Activity: Once the images are removed, repeat all of the entries exactly.

★ ★ ★ ★ ★ ★ ★

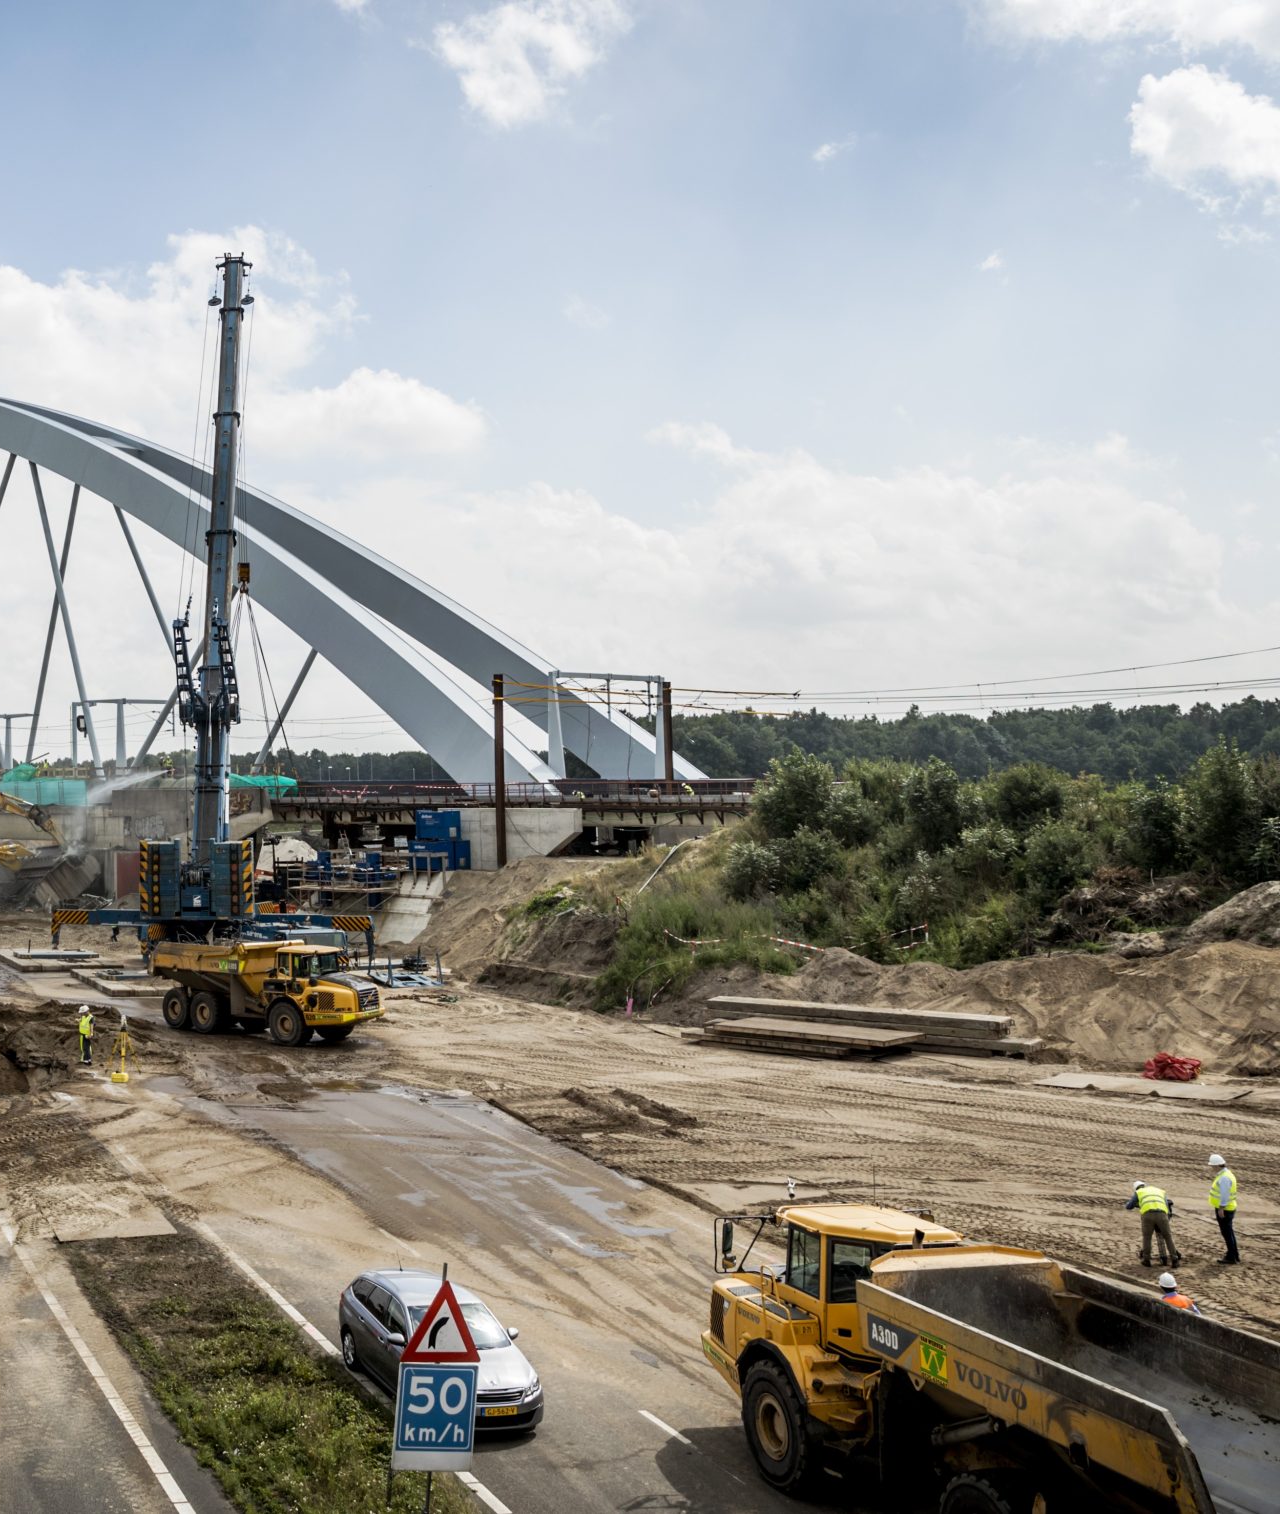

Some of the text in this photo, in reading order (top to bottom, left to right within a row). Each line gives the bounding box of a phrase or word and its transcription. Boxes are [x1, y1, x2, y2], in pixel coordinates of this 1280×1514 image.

[871, 1322, 899, 1351] A30D
[407, 1375, 468, 1415] 50
[952, 1359, 1028, 1411] VOLVO
[404, 1422, 465, 1443] km/h

★ ★ ★ ★ ★ ★ ★

Answer to the problem:
Some of the text in this photo, in reading order (top to bottom, left to right within a row). Each line gives the bounding box of a phrase or word and its transcription. Boxes are [x1, y1, x2, y2], in pixel coordinates of this 1280×1514 image.

[871, 1322, 899, 1351] A30D
[407, 1375, 468, 1415] 50
[952, 1359, 1028, 1411] VOLVO
[404, 1422, 465, 1443] km/h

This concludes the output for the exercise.